# YOUR GOAL:
Everything in the records below is to be reproduced exactly, apart from the images.

# INPUT:
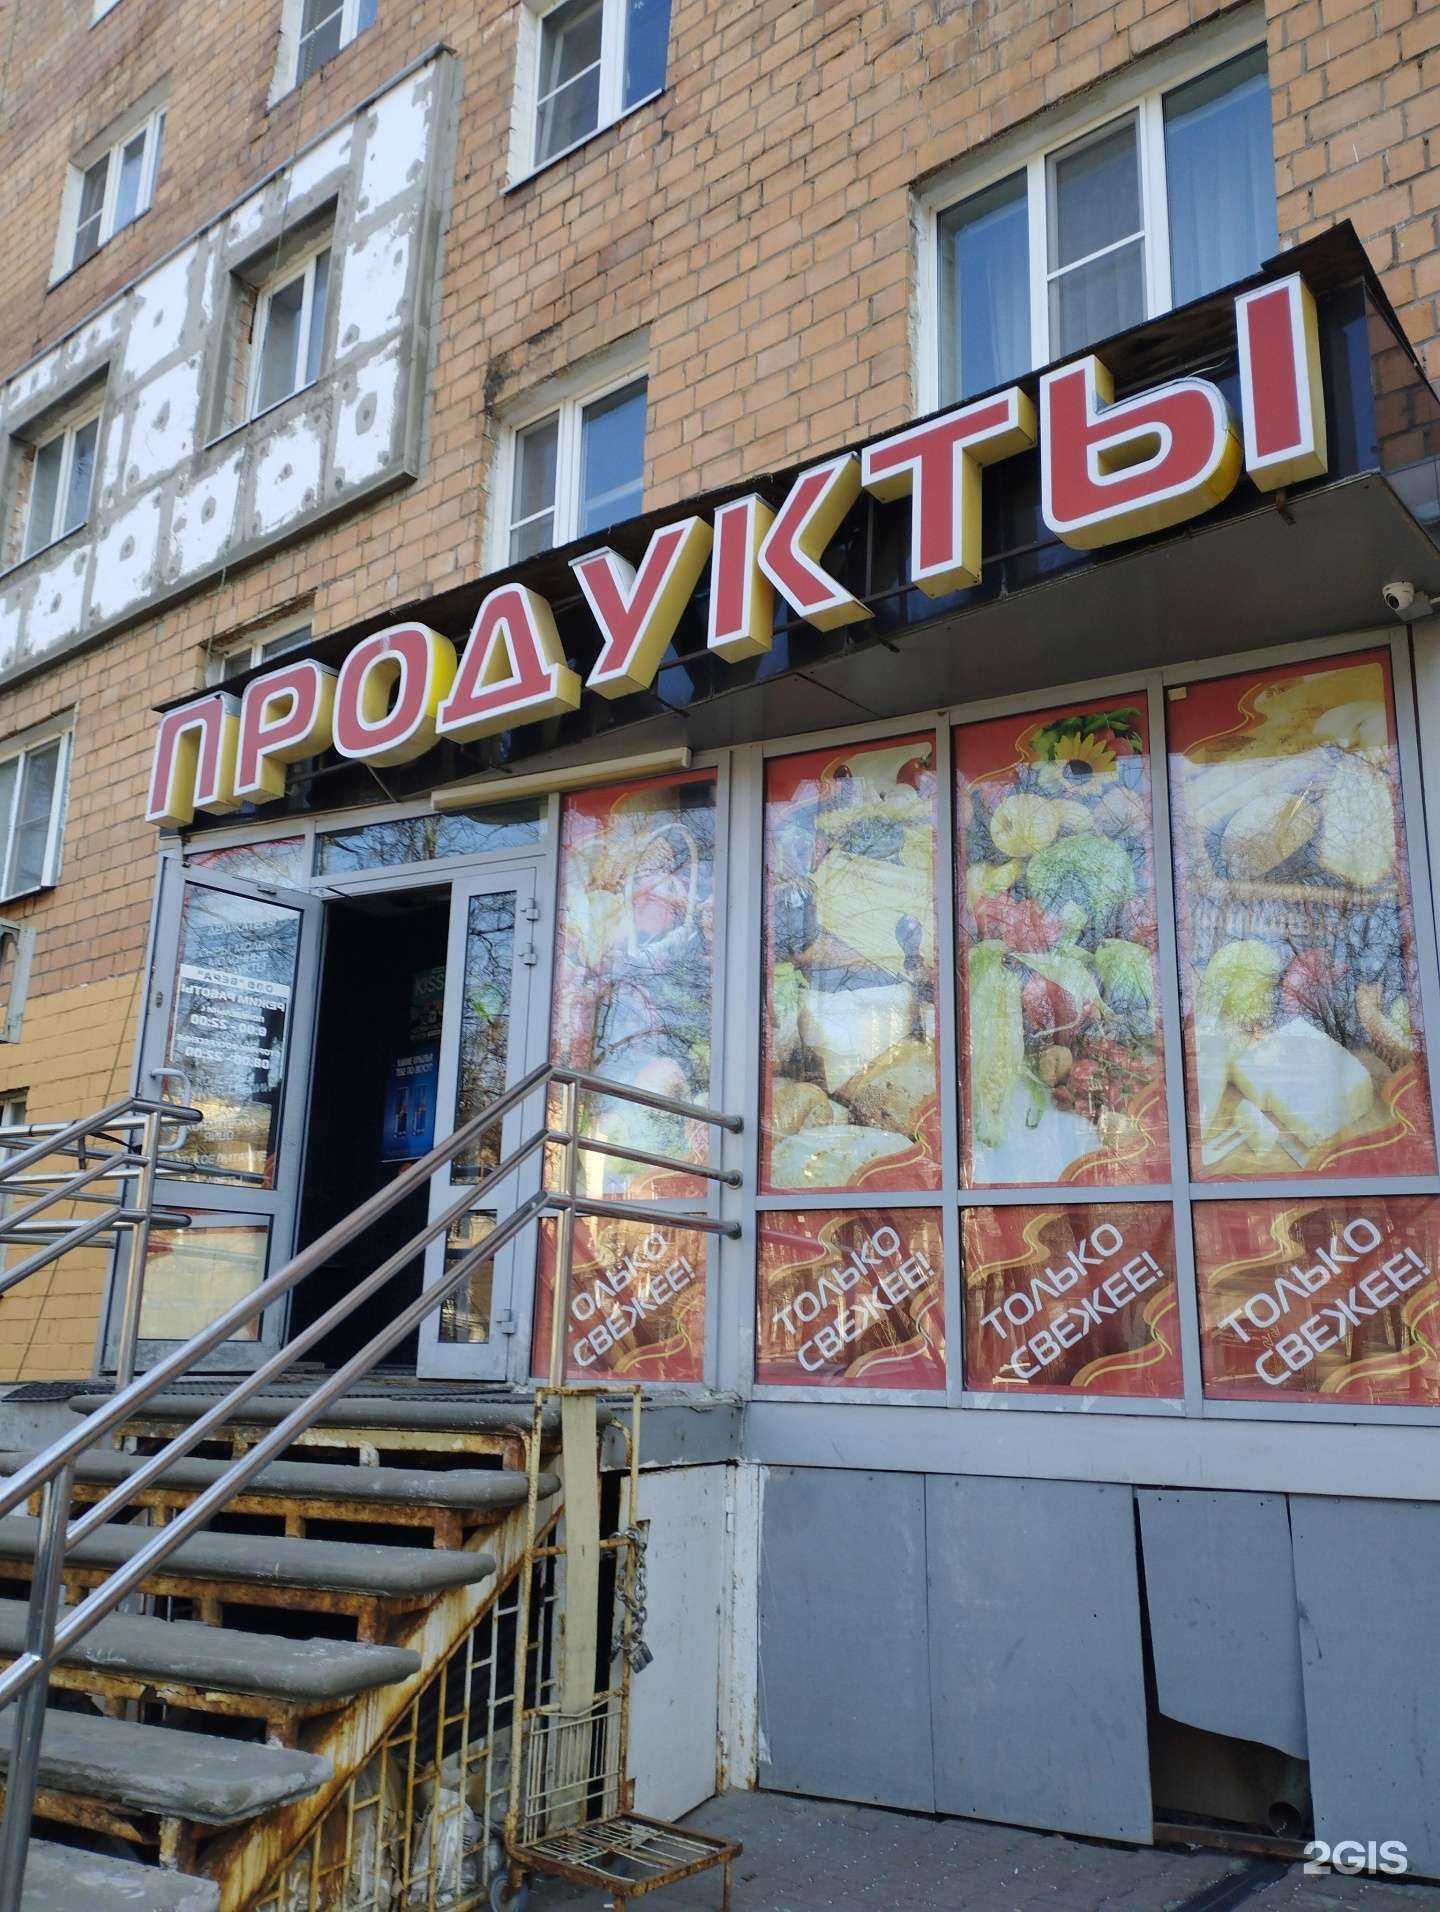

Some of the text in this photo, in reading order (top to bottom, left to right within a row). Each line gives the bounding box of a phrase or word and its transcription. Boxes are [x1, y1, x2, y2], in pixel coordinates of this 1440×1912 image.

[144, 272, 1328, 826] ПРОДУКТЫ
[569, 1232, 668, 1333] ОЛЬКО
[573, 1255, 696, 1367] СВЕЖЕЕ!
[772, 1226, 900, 1335] ТОЛЬКО
[798, 1251, 936, 1372] СВЕЖЕЕ!
[980, 1223, 1124, 1340] ТОЛЬКО
[1010, 1250, 1165, 1379] СВЕЖЕЕ!
[1217, 1218, 1382, 1343] ТОЛЬКО
[1255, 1247, 1431, 1385] СВЕЖЕЕ!

# RESULT OF THE TASK:
Some of the text in this photo, in reading order (top to bottom, left to right within a row). Each line gives the bounding box of a phrase or word and its transcription. Boxes are [x1, y1, x2, y2], in pixel coordinates of this 1440×1912 image.

[144, 272, 1328, 826] ПРОДУКТЫ
[569, 1232, 668, 1333] ОЛЬКО
[573, 1255, 696, 1367] СВЕЖЕЕ!
[772, 1226, 900, 1335] ТОЛЬКО
[798, 1251, 936, 1372] СВЕЖЕЕ!
[980, 1223, 1124, 1340] ТОЛЬКО
[1010, 1250, 1165, 1379] СВЕЖЕЕ!
[1217, 1218, 1382, 1343] ТОЛЬКО
[1255, 1247, 1431, 1385] СВЕЖЕЕ!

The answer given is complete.